Why does it matter? As we’ve noted, a persistent problem for renewable energy sources like solar is: What happens when the sun doesn’t shine? This is called the intermittency problem and, as UW-Madison notes, it’s an obstacle to widespread solar adoption in Europe and elsewhere. The device produced by this collaboration is able to absorb solar energy when the conditions are right and store it as chemical energy to be used when needed. As the team reported in the journal Chem, it achieves a more than 14 percent return of solar energy to electricity — what Madison professor Song Jin says is “the highest reported number for an integrated solar-electric and battery system.”
How does it work? By the efficiency achieved in marrying a redox flow battery — which stores chemical energy between two components dissolved in liquid, and is already in use in some places to store energy for the electrical grid — to a high-performance solar cell, without any intermediate steps. Jin said, “We only used two conversions — from sunlight to stored chemical energy to electricity. Combining the functions of separated devices into a single device allows us to bypass the intermediate step of electricity generation, which results in a more efficient, compact, and cost-effective approach to utilizing solar energy.”
What is it? Tiny extracellular sacs called microvesicles could function as “biological delivery trucks,” marshalled by doctors and scientists to target tumors, halt an asthma attack or track toxins, according to new findings from Harvard.
Why does it matter? Harvard professor Quan Lu had been conducting research on a gene suspected of causing asthma when his team made an adjacent discovery: They came across another gene, ARRDC1, whose protein “can travel from inside to the surface of a cell to form tiny sacs, called microvesicles, which are subsequently released into the space around a cell,” according to Harvard Public Health magazine: the kind of mobility that could lead to the above-mentioned medical triumphs. Philip Stahl, a professor of cell biology, commented on the discovery, “This is a whole new form of intercellular communication. It’s going to change medicine. We are learning the way cells talk to each other, but we don’t know all the vocabulary yet.”
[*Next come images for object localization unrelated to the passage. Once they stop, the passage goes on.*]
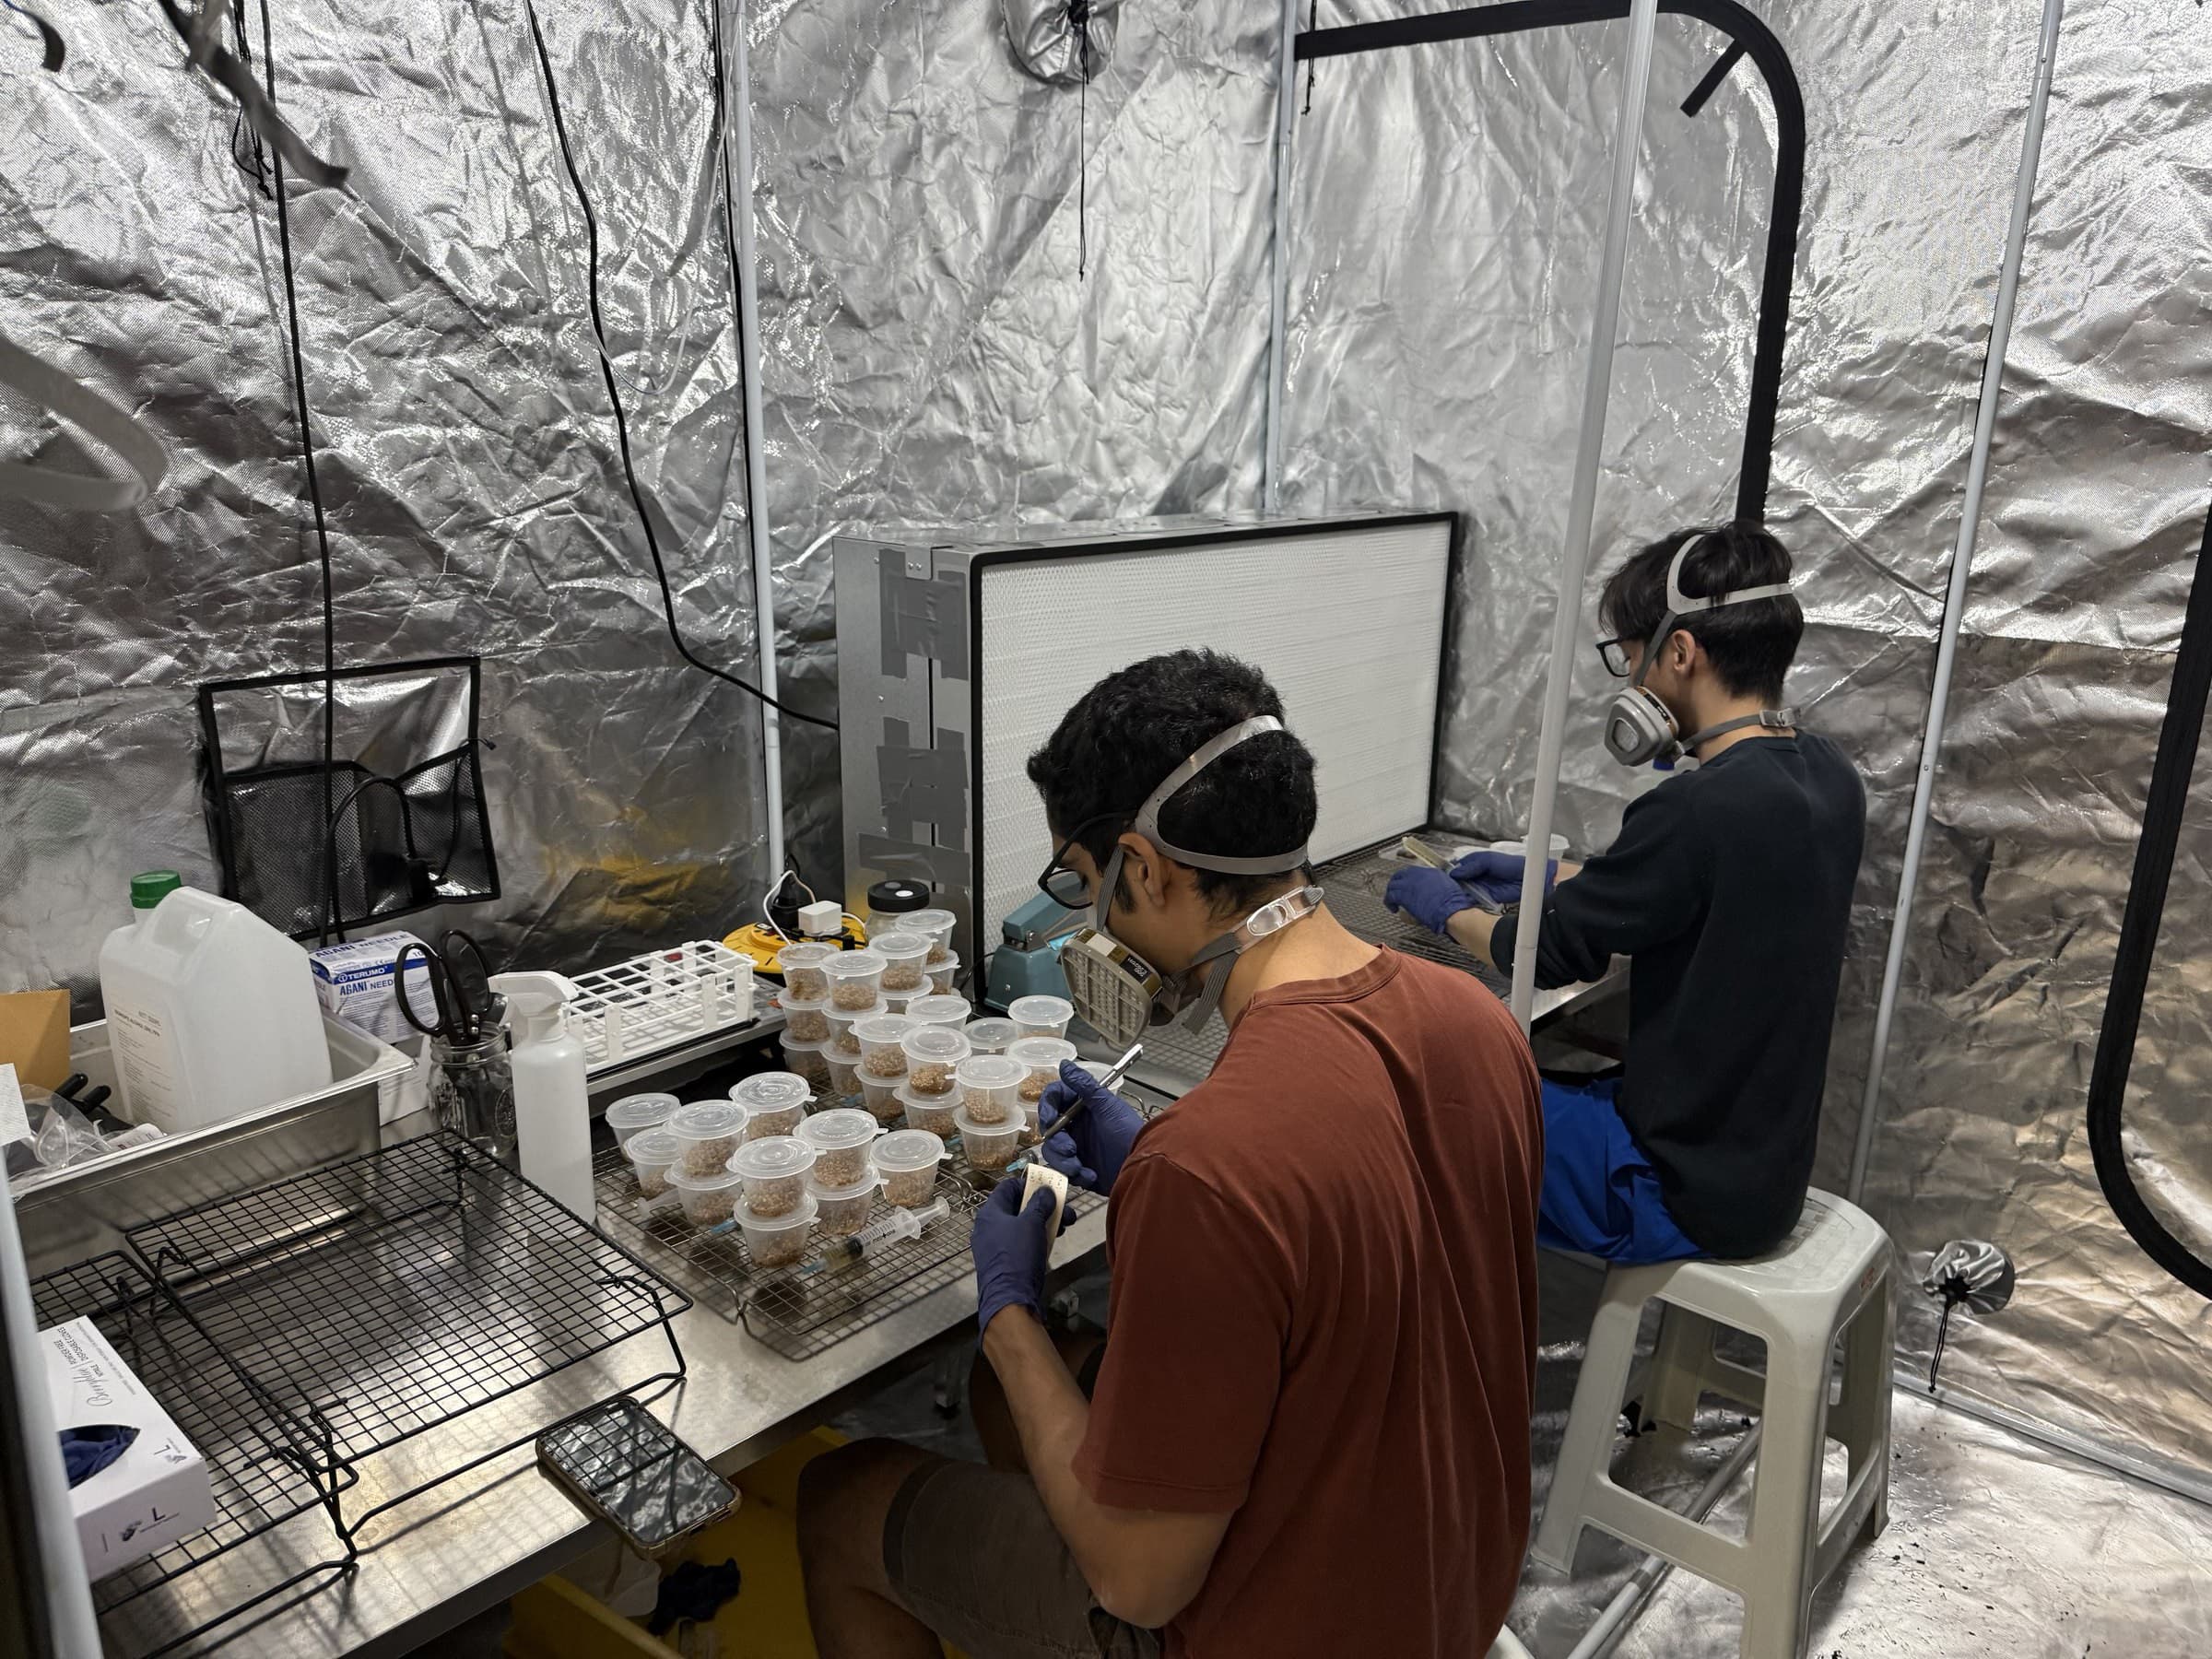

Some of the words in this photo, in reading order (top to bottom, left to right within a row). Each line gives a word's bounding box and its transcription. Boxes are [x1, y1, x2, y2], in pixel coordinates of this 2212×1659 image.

[315, 944, 355, 958] AGANI
[359, 934, 409, 948] NEEDLE
[348, 966, 385, 980] TERUMO
[339, 981, 368, 996] AGANI
[370, 979, 394, 990] NEED
[151, 1507, 166, 1522] L
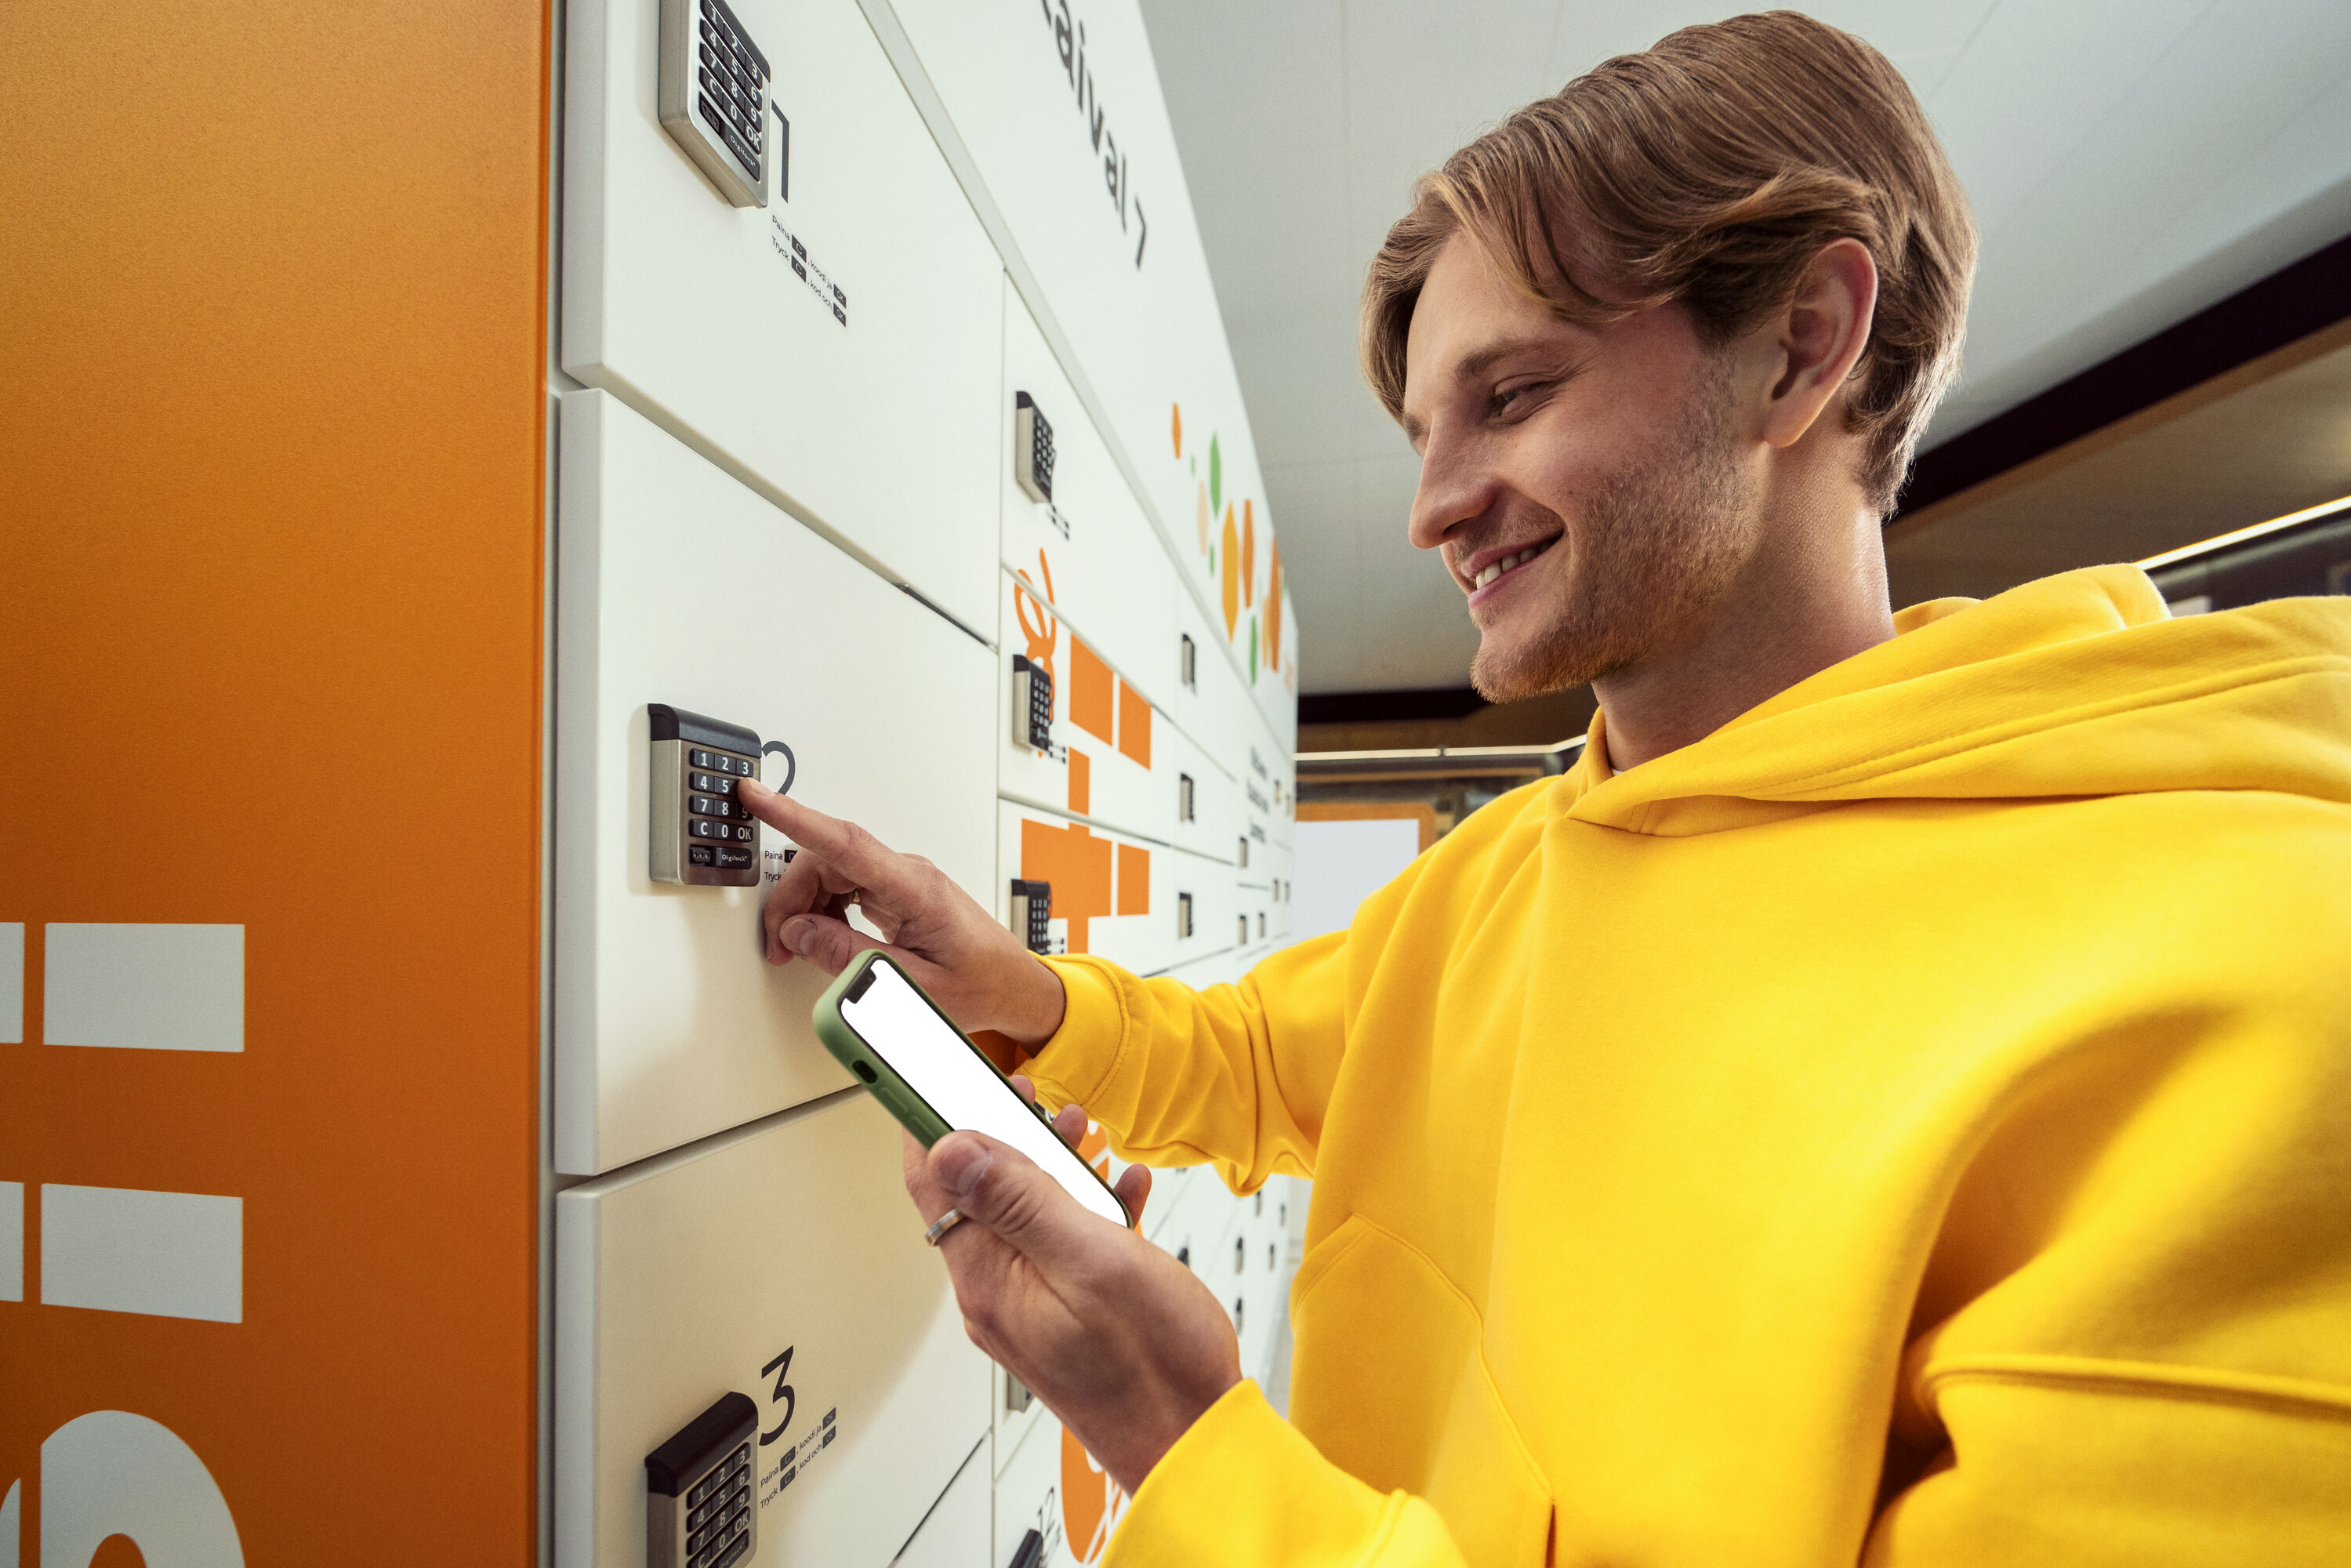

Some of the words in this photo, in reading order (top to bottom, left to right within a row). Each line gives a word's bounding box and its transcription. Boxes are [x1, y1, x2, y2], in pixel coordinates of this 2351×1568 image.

How does it work? Microvesicles themselves are only a fairly recent subject of scientific pursuit — the ones Lu’s team focused on are 100 nanometers in diameter, or about 1/1,000th the width of a human hair. Though scientists once thought of extracellular vesicles as a kind of biological debris — the leftovers — they’re now coming to understand that they play a crucial, if still somewhat mysterious, role in the communication between cells, carrying proteins, nucleic acids and lipids. Lu thinks microvesicles could potentially be used as a kind of cellular Trojan horse, for instance, targeting tumors with cancer-killing drugs that the body might otherwise reject.